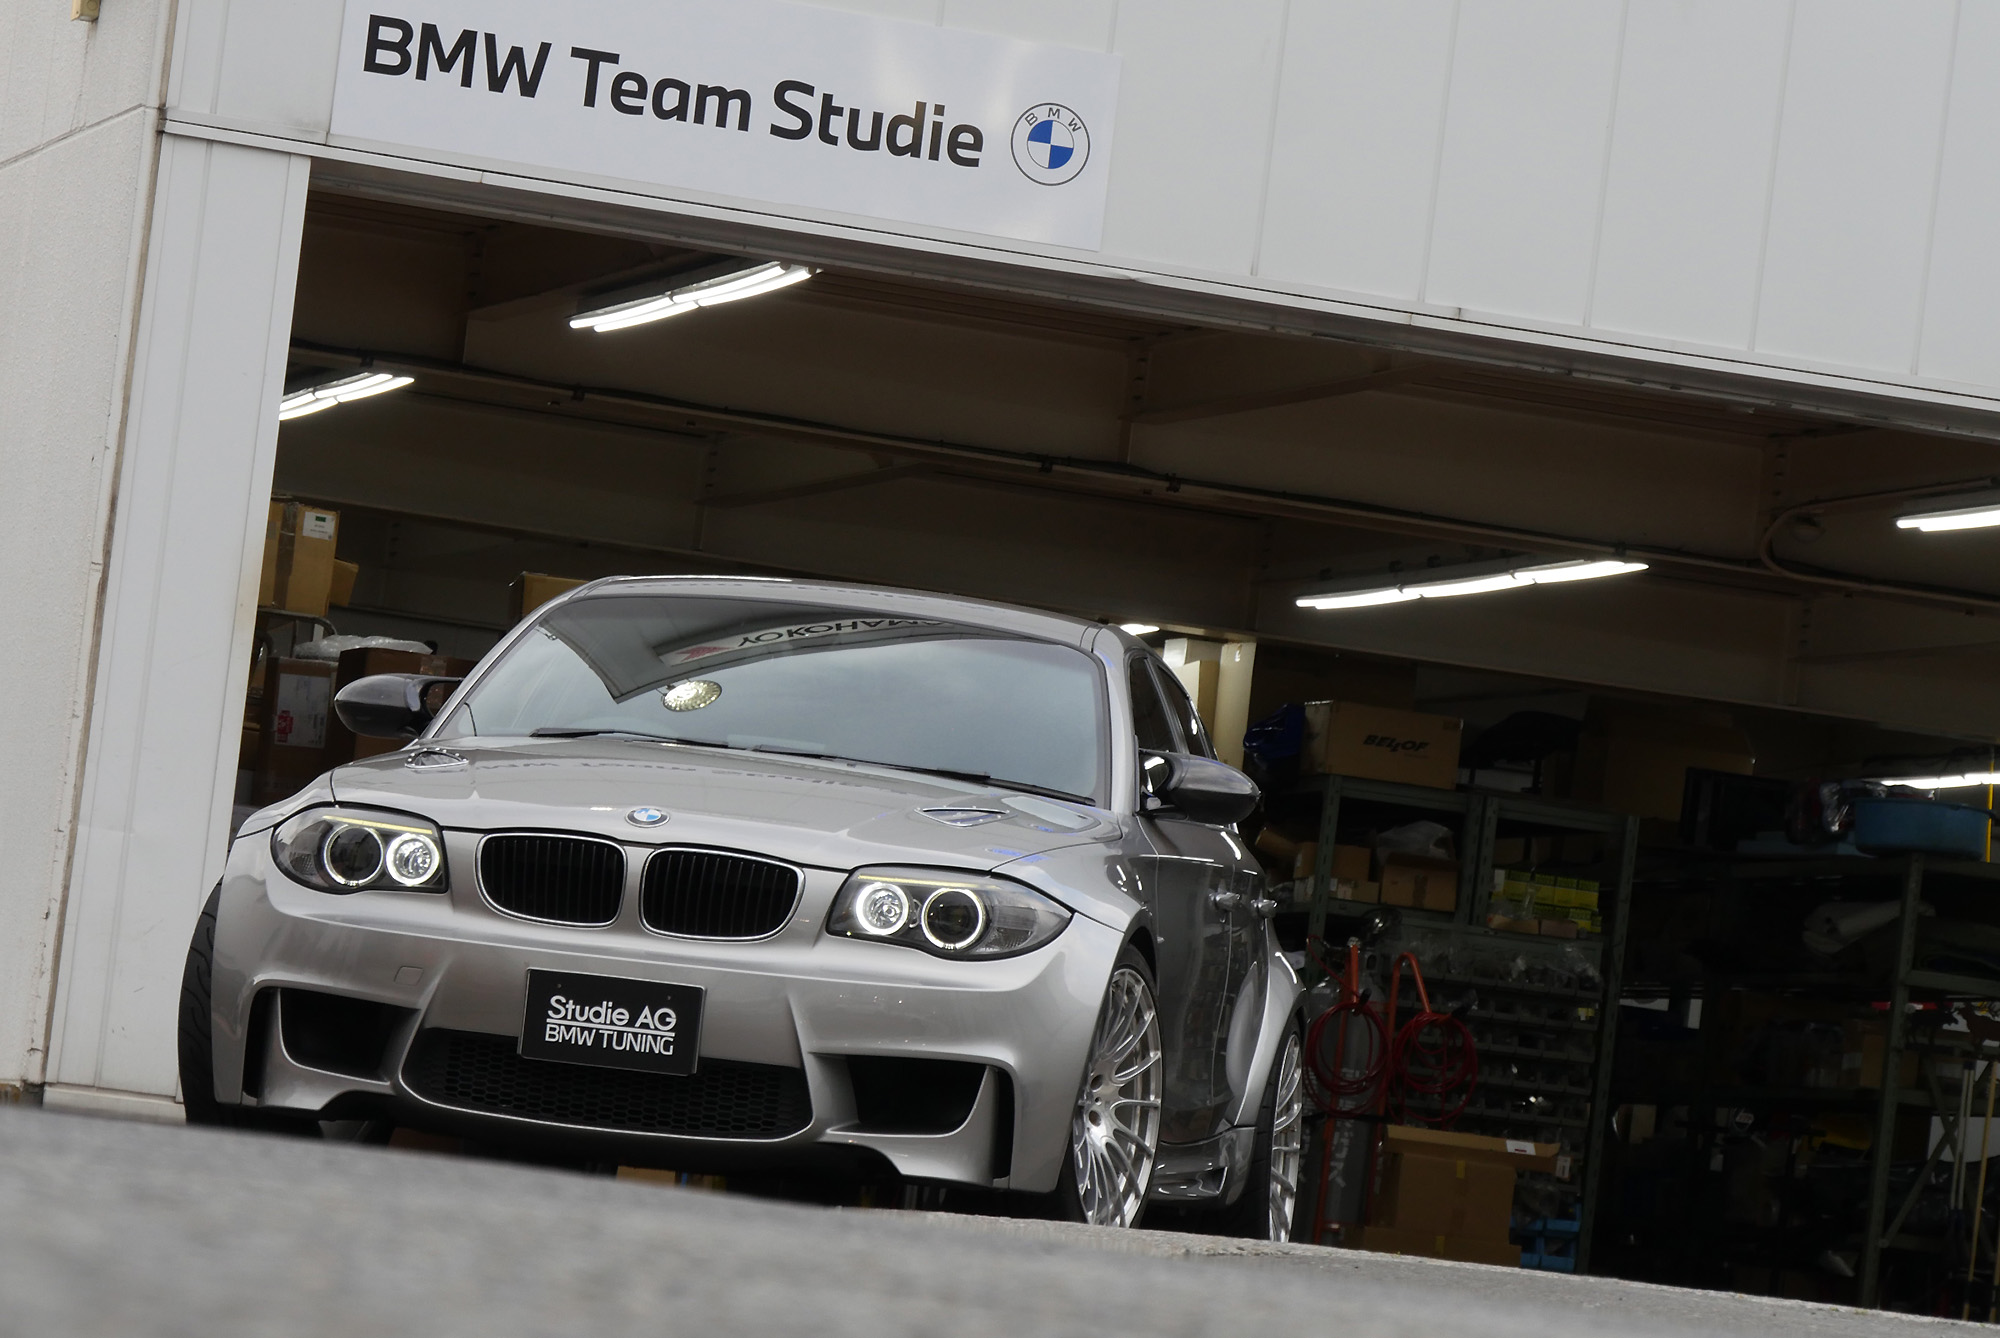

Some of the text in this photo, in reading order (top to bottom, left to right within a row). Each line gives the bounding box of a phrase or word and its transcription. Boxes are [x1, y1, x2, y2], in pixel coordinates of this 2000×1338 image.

[363, 13, 984, 168] BMW Team Studie
[1024, 107, 1082, 133] BMW
[547, 995, 677, 1031] Studie AG
[545, 1023, 674, 1056] BMW TUNING
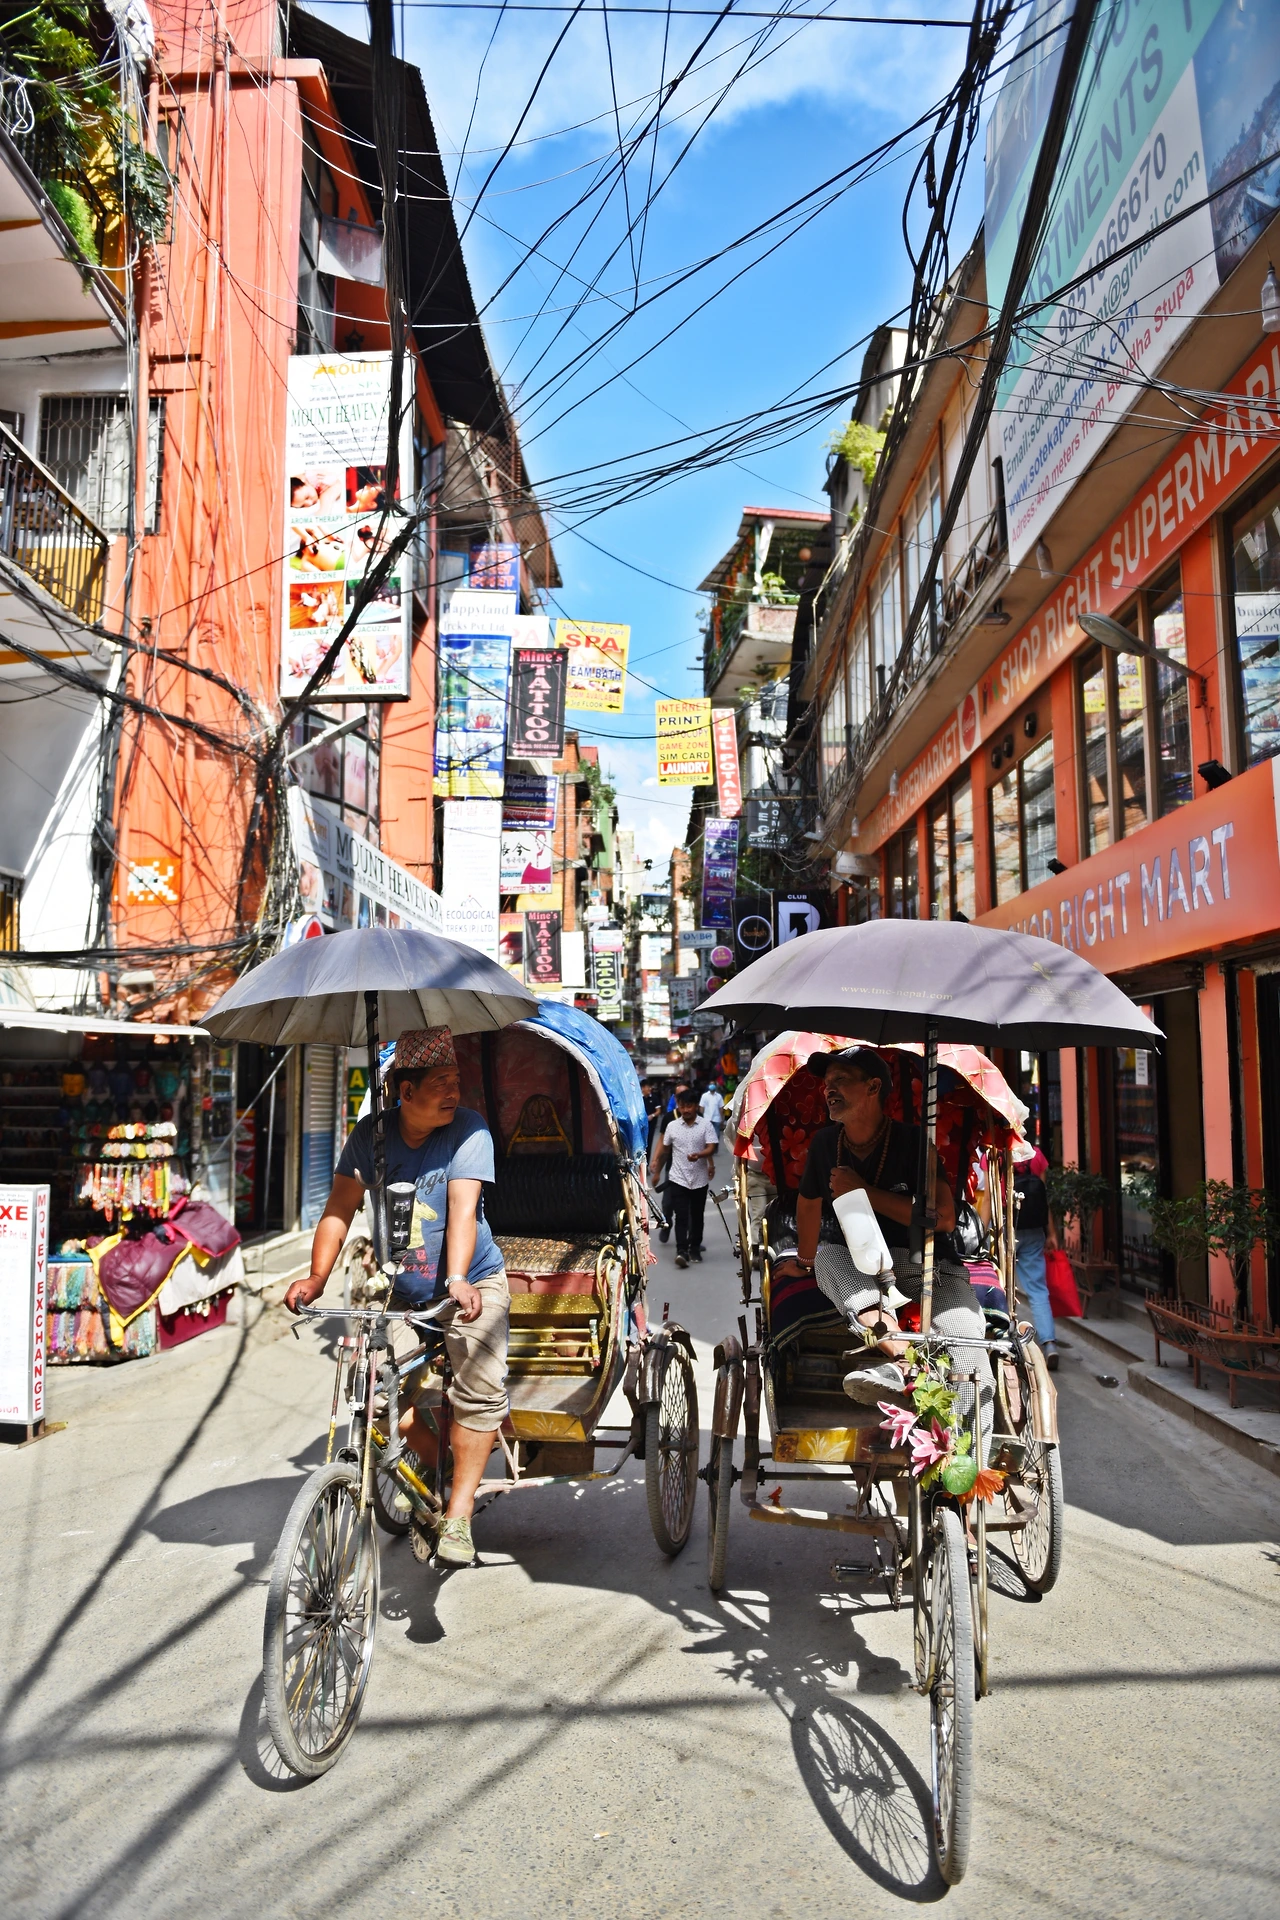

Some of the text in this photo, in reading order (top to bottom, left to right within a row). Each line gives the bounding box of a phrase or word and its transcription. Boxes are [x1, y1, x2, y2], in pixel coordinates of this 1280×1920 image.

[1051, 431, 1082, 484] meters
[1154, 267, 1195, 334] Stupa
[291, 406, 332, 428] MOUNT
[336, 402, 378, 423] HEAVEN
[1003, 421, 1017, 452] For
[291, 514, 343, 524] AROMA THERAPY
[1000, 633, 1042, 706] SHOP
[1045, 553, 1104, 657] RIGHT
[564, 633, 621, 653] SPA
[519, 650, 563, 662] Mine's
[595, 668, 622, 680] BATH
[348, 684, 402, 692] MEHENDI WAXING
[524, 663, 552, 742] TATTOO
[586, 692, 620, 702] AVAILABLE
[658, 702, 708, 713] INTERNET
[659, 715, 702, 726] PRINT
[660, 728, 708, 739] PHOTOCOPY
[715, 710, 733, 750] HOTEL
[659, 740, 709, 751] GAME ZONE
[660, 751, 710, 761] SIM CARD
[660, 761, 709, 775] LAUNDRY
[896, 721, 958, 822] SUPERMARKET
[720, 753, 739, 806] POTALA
[758, 801, 770, 833] VEG
[336, 825, 385, 886] MOUNT
[388, 864, 429, 913] HEAVEN
[1060, 870, 1131, 951] RIGHT
[1140, 821, 1235, 929] MART
[446, 910, 496, 920] ECOLOGICAL
[528, 911, 558, 920] Mine's
[446, 924, 468, 932] TREKS
[536, 920, 554, 973] TATTOO
[841, 986, 953, 1002] www.tmc-nepal.com
[34, 1195, 47, 1412] MONEY EXCHANGE
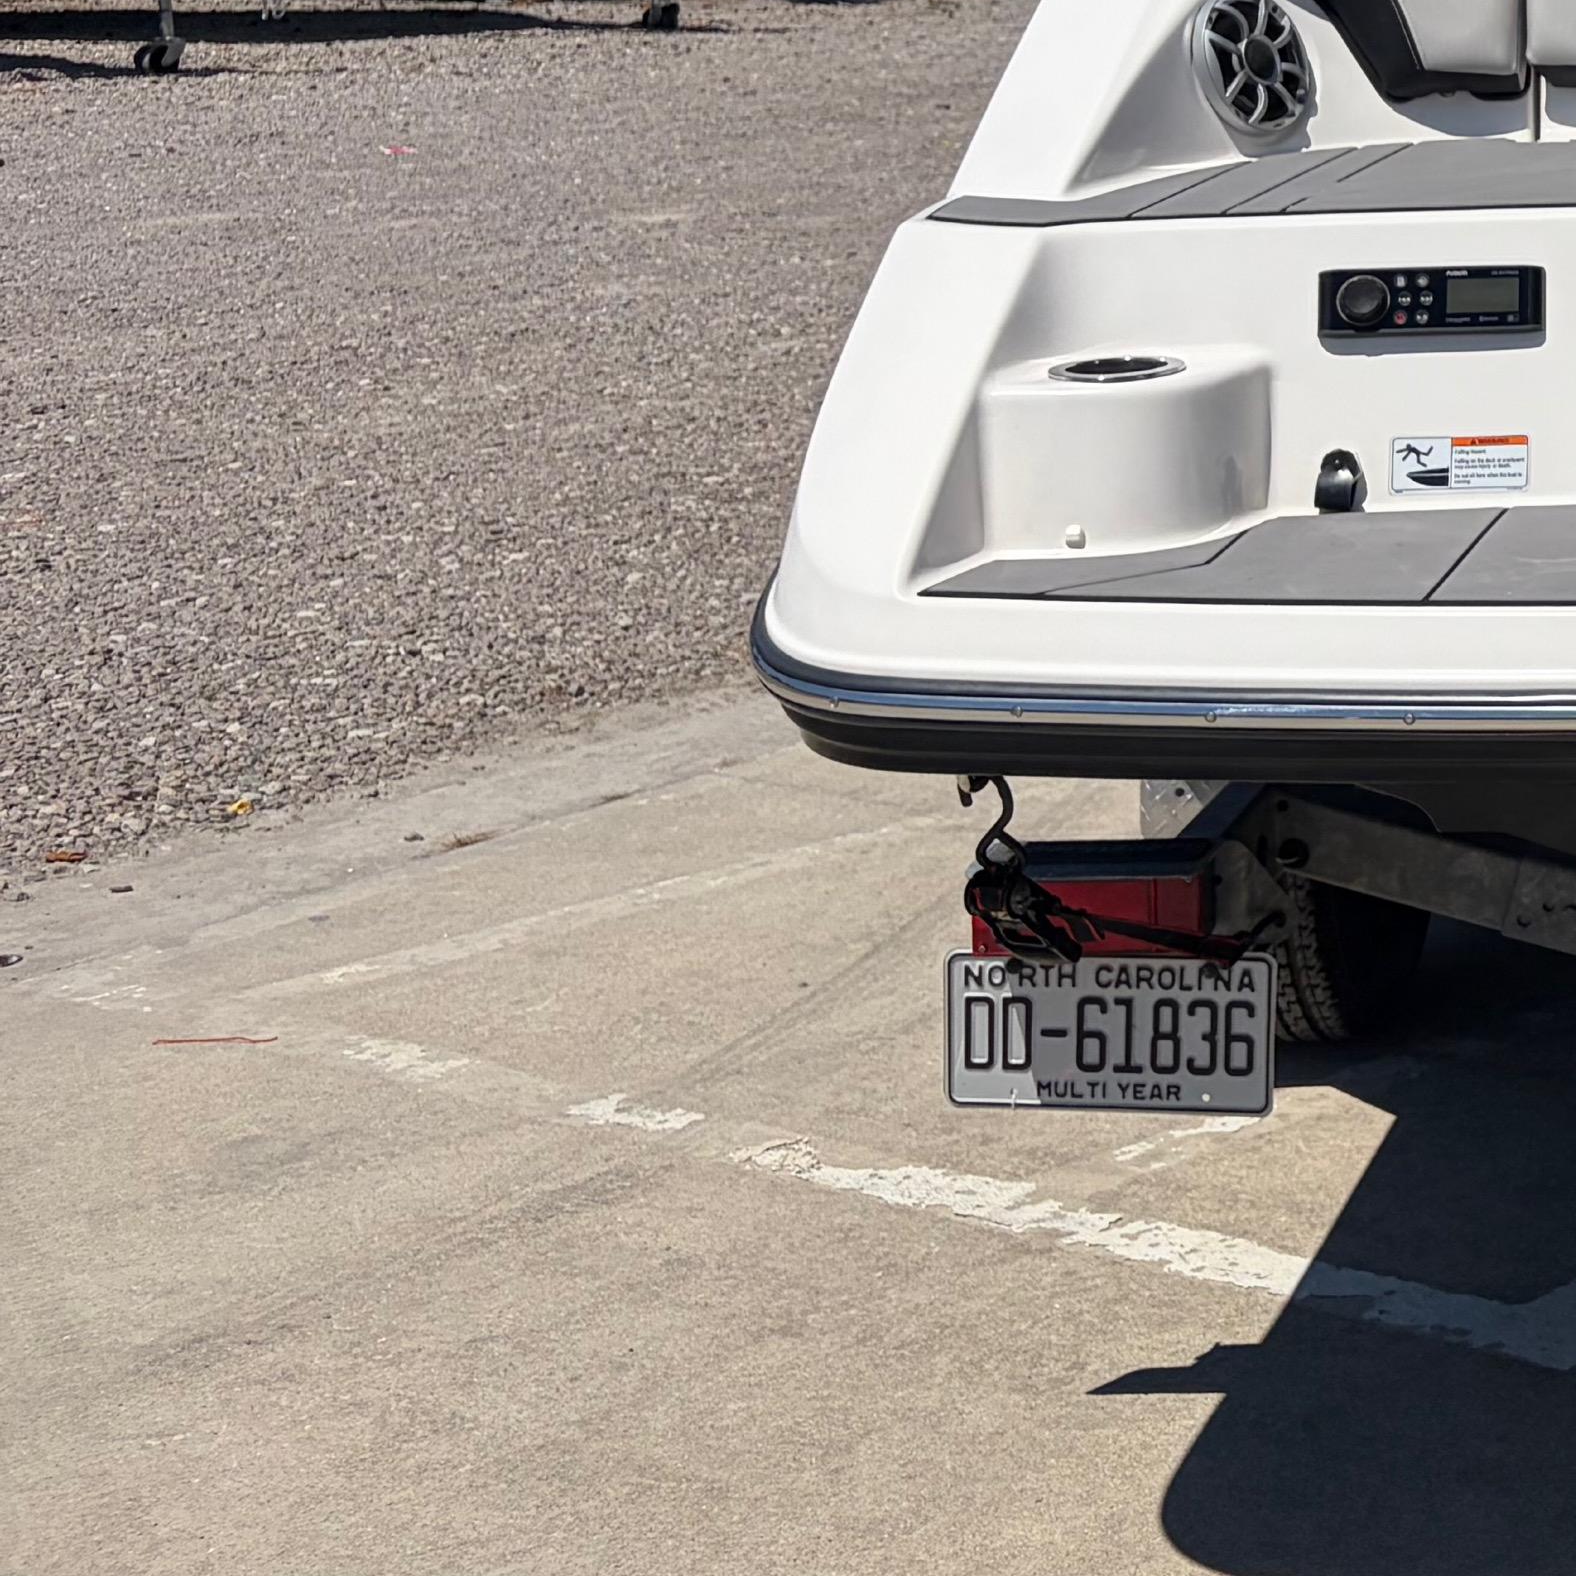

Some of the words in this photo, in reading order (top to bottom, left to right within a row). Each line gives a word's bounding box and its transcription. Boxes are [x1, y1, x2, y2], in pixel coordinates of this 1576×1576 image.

[964, 963, 1077, 988] NORTH
[1094, 964, 1256, 993] CAROLINA
[963, 995, 1257, 1078] DD-61836
[1036, 1080, 1108, 1100] MULTI
[1117, 1082, 1182, 1102] YEAR

_Exercise directions_
Nothing but the pictures is to be left out; the rest of the listing should be copied exactly.

_Completed task_
Some of the text in this photo, in reading order (top to bottom, left to right within a row). Each line gives the bounding box of a phrase or word and its transcription. Boxes are [x1, y1, x2, y2], in pixel coordinates of this 2000×1338 image.

[363, 13, 984, 168] BMW Team Studie
[1024, 107, 1082, 133] BMW
[547, 995, 677, 1031] Studie AG
[545, 1023, 674, 1056] BMW TUNING

Some of the text in this photo, in reading order (top to bottom, left to right within a row). Each line gives the bounding box of a phrase or word and its transcription. Boxes are [x1, y1, x2, y2], in pixel coordinates of this 1280×1920 image.

[1051, 431, 1082, 484] meters
[1154, 267, 1195, 334] Stupa
[291, 406, 332, 428] MOUNT
[336, 402, 378, 423] HEAVEN
[1003, 421, 1017, 452] For
[291, 514, 343, 524] AROMA THERAPY
[1000, 633, 1042, 706] SHOP
[1045, 553, 1104, 657] RIGHT
[564, 633, 621, 653] SPA
[519, 650, 563, 662] Mine's
[595, 668, 622, 680] BATH
[348, 684, 402, 692] MEHENDI WAXING
[524, 663, 552, 742] TATTOO
[586, 692, 620, 702] AVAILABLE
[658, 702, 708, 713] INTERNET
[659, 715, 702, 726] PRINT
[660, 728, 708, 739] PHOTOCOPY
[715, 710, 733, 750] HOTEL
[659, 740, 709, 751] GAME ZONE
[660, 751, 710, 761] SIM CARD
[660, 761, 709, 775] LAUNDRY
[896, 721, 958, 822] SUPERMARKET
[720, 753, 739, 806] POTALA
[758, 801, 770, 833] VEG
[336, 825, 385, 886] MOUNT
[388, 864, 429, 913] HEAVEN
[1060, 870, 1131, 951] RIGHT
[1140, 821, 1235, 929] MART
[446, 910, 496, 920] ECOLOGICAL
[528, 911, 558, 920] Mine's
[446, 924, 468, 932] TREKS
[536, 920, 554, 973] TATTOO
[841, 986, 953, 1002] www.tmc-nepal.com
[34, 1195, 47, 1412] MONEY EXCHANGE

Some of the words in this photo, in reading order (top to bottom, left to right within a row). Each line gives a word's bounding box and its transcription. Boxes are [x1, y1, x2, y2], in pixel coordinates of this 1576×1576 image.

[964, 963, 1077, 988] NORTH
[1094, 964, 1256, 993] CAROLINA
[963, 995, 1257, 1078] DD-61836
[1036, 1080, 1108, 1100] MULTI
[1117, 1082, 1182, 1102] YEAR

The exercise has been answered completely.